Let $\Phi_h^t\coloneqq \left\{\vphi^{\nu^t}(x_h,a_h)\right\}_{(x_h,a_h)\in \gX_h\times\gA}$. It is then clear that
\begin{align*}
|\hatellxa|& =|\vphi^{\nu^t}(x_h,a_h)^\top(\mQ_{\mu^t,h}^t)^{-1}\vphi^{\nu^t}(x_h^t,a_h^t)r_h^t(s_h^t,a_h^t,b_h^t)|\\
&\overset{(i)}{\le}|\vphi^{\nu^t}(x_h,a_h)^\top(\mQ_{\mu^t,h}^t)^{-1}\vphi^{\nu^t}(x_h^t,a_h^t)|\\
&\overset{(ii)}{\le} \|\vphi^{\nu^t}(x_h,a_h)\|_{(\mQ_{\mu^t,h}^t)^{-1}}\cdot \|\vphi^{\nu^t}(x_h^t,a_h^t)\|_{(\mQ_{\mu^t,h}^t)^{-1}}\\
&\le \|\vphi^{\nu^t}(x_h,a_h)\|_{(\mQ_{\mu^t,h}^t)^{-1}}\cdot \sup_{\vphi\in \Phi_h^t}\|\vphi\|_{(\mQ_{\mu^t,h}^t)^{-1}}\\
&\le \sup_{\vphi\in\Phi_h^t}\|\vphi\|^2_{(\mQ_{\mu^t,h}^t)^{-1}}\\
&\le \sup_{\vphi\in\Phi_h^t}\|\vphi\|^2_{(\rho\mI)^{-1}}\\
&\overset{(iii)}{\le} \frac{L^2}{\rho}\,,
\end{align*}
where $(i)$ is because $|r_h^t(s_h^t,a_h^t,b_h^t)|\leq 1$;
 $(ii)$ is by the Cauchy-Schwarz inequality; and $(iii)$ comes from Eq. \eqref{eq:phixa_bounded_norm}.
\end{proof}
% }

% Recall $\beta^\star_H\coloneqq\min_{x_H\in\gX_H} p^{\star}_{1:H}(x_H)$. 

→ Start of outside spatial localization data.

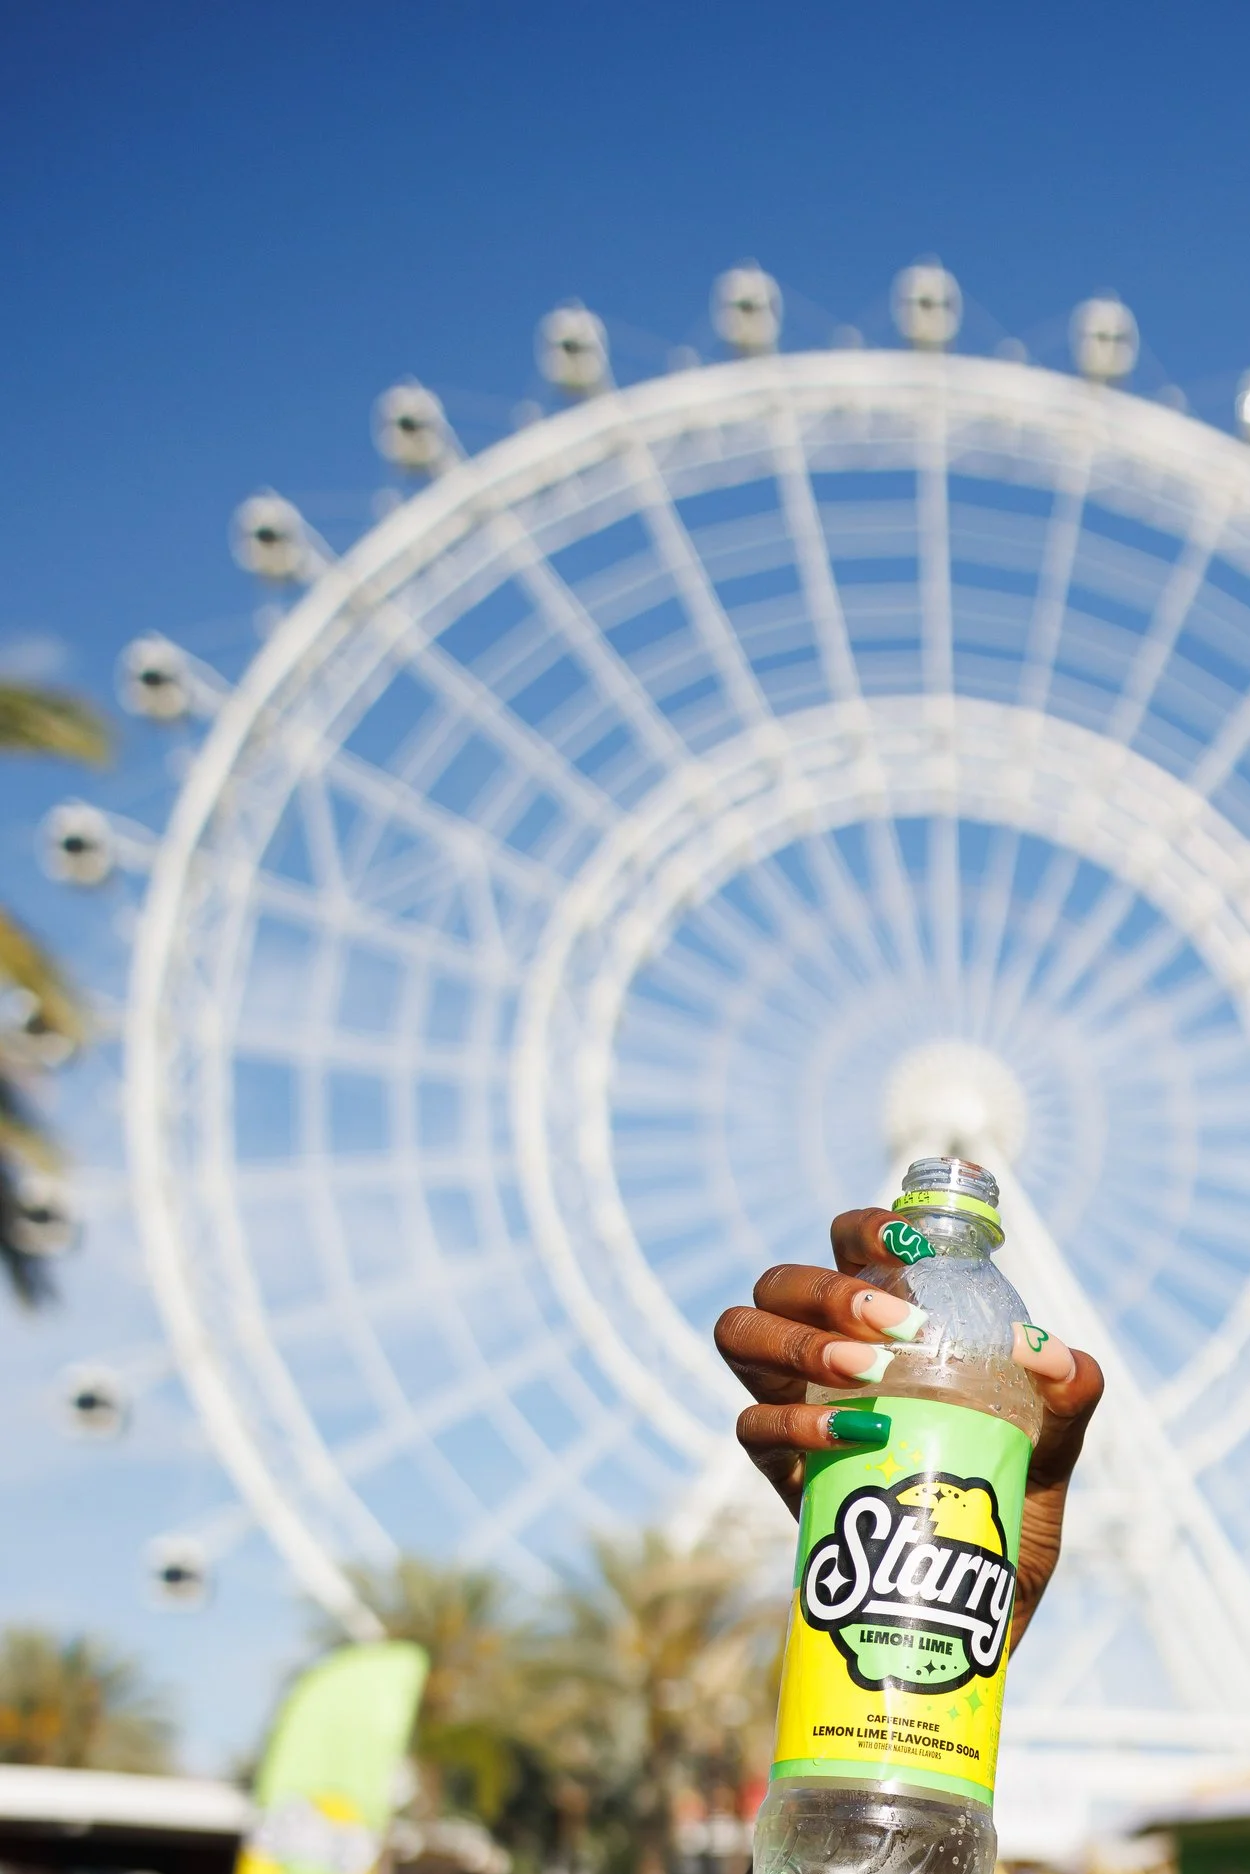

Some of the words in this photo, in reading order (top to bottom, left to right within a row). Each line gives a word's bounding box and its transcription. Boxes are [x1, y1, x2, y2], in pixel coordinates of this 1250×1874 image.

[806, 1496, 1015, 1667] Starry
[859, 1629, 914, 1649] LEMON
[918, 1636, 954, 1656] LIME
[867, 1714, 915, 1728] CAFFEINE
[917, 1721, 940, 1733] FREE
[813, 1726, 854, 1737] LEMON
[857, 1728, 888, 1740] LIME
[891, 1731, 955, 1752] FLAVORED
[956, 1744, 980, 1761] SODA
[858, 1741, 873, 1750] WITH
[874, 1742, 892, 1751] OTHER
[893, 1744, 918, 1756] NATURAL
[919, 1749, 942, 1760] FLAVORS

Recall $\beta^\star_h=\min_{x_h\in\gX_h} p^{\star}_{1:h}(x_h)$ and $\beta^{\nu}_h=\max_{t\in[T],x_h\in\gX_h}p^{\nu^t}_{1:h}(x_h)$.
The following lemma shows that the \textsc{Stability} term can be bounded by the variance of the loss estimate.
% \zhao{
\begin{lemma}\label{lemma:varbound}
% Let $v_t=D_{\Psi^{\star}_{\eta}}(\nabla \Psi_{\eta}\left(\mu^t\right)-\hat{\ell}^t, \nabla \Psi_{\eta}\left(\mu^t\right))$ for all $t \in[T]$, which means that $\textsc{Stability} =\E\left[\sum_{t=1}^T v_t \right]$.
% Then, it holds that
% \[\E\left[\sum_{t=1}^T v_t \right] \leq \E\left[\frac{\eta}{2}\sum_{t=1}^T\sumH\sumlevel\frac{1}{p^\star_{1:h}(x_h)}\E^{\mu^t,\nu^t}\left[\muxa\hat{\ell}^t(x_h,a_h)^2\right] \right]\,.\]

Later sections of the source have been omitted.